* [REQUIRED WORK] Each entry is to be given again precisely, and no picture may be carried over.

* [INPUT DATA]

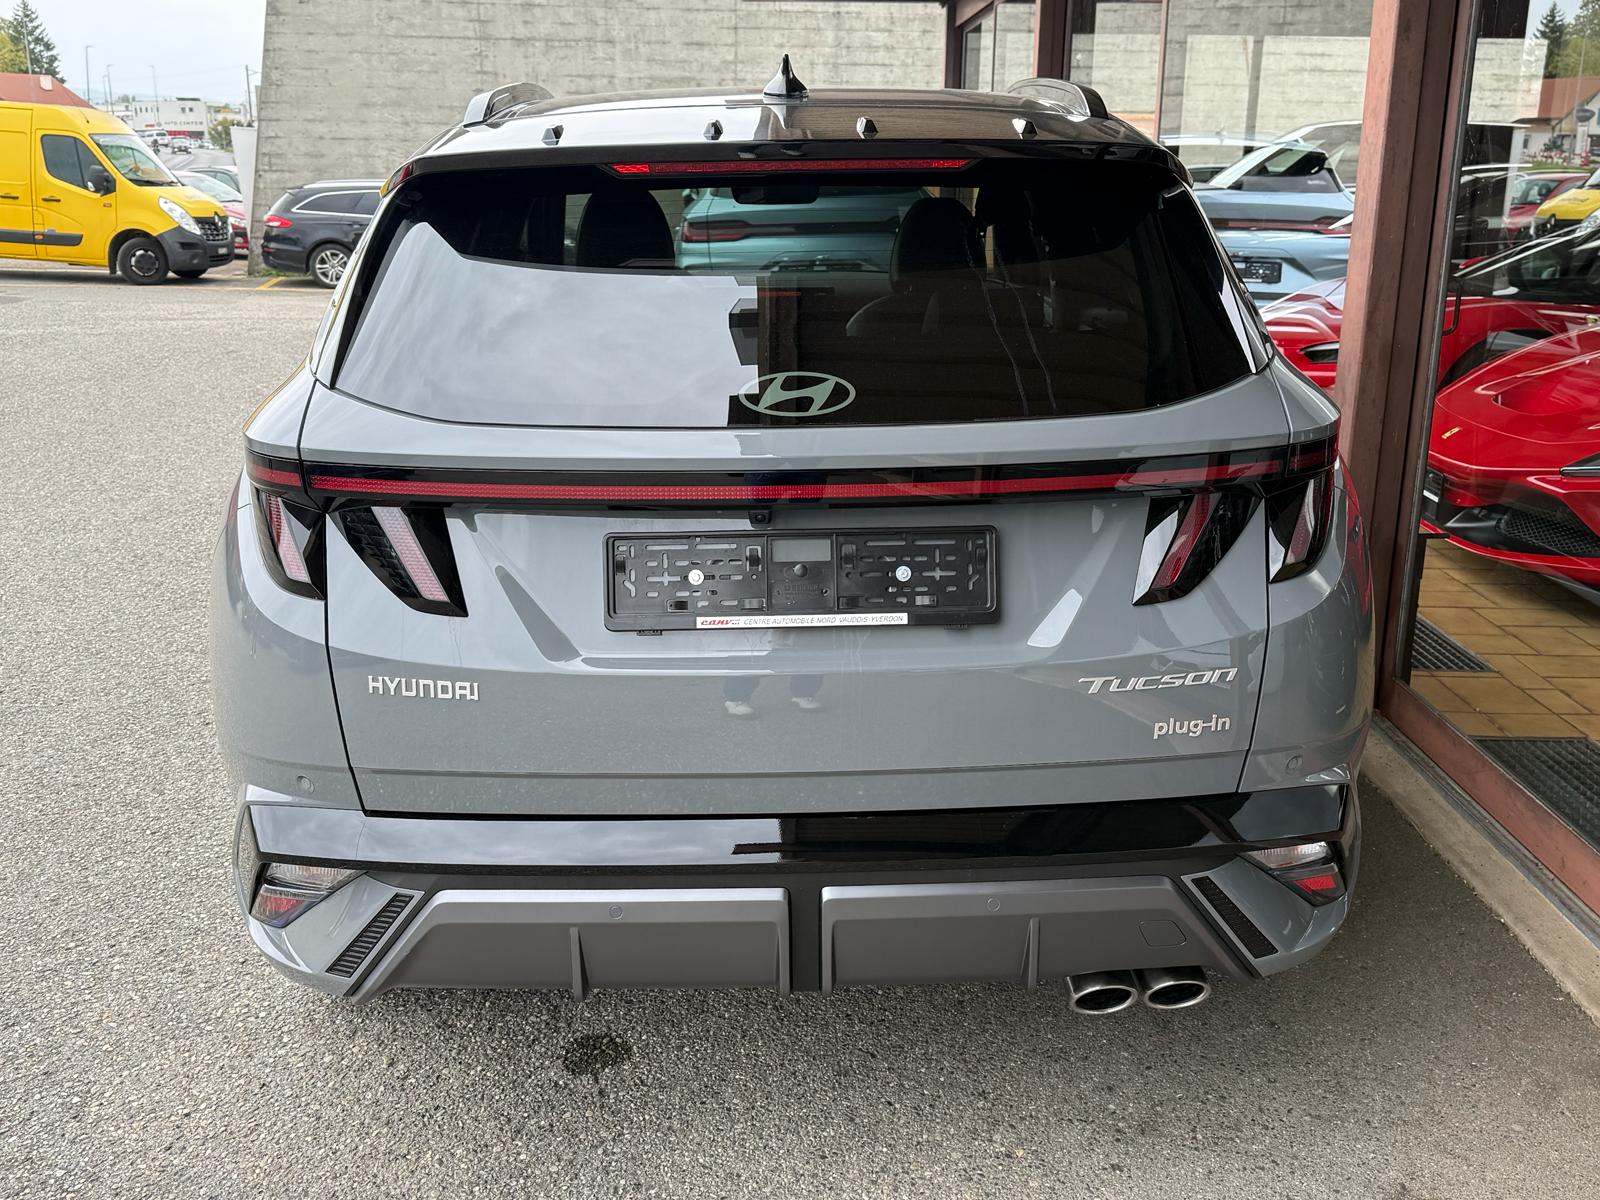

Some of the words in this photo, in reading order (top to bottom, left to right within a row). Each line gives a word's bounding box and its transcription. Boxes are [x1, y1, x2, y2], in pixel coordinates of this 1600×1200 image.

[772, 616, 815, 625] AUTOMOBILE
[816, 616, 837, 624] NORD
[368, 675, 479, 700] HYUNDAI
[1153, 714, 1231, 739] plug-in

* [THE ANSWER]
Some of the words in this photo, in reading order (top to bottom, left to right within a row). Each line gives a word's bounding box and its transcription. Boxes are [x1, y1, x2, y2], in pixel coordinates of this 1600×1200 image.

[772, 616, 815, 625] AUTOMOBILE
[816, 616, 837, 624] NORD
[368, 675, 479, 700] HYUNDAI
[1153, 714, 1231, 739] plug-in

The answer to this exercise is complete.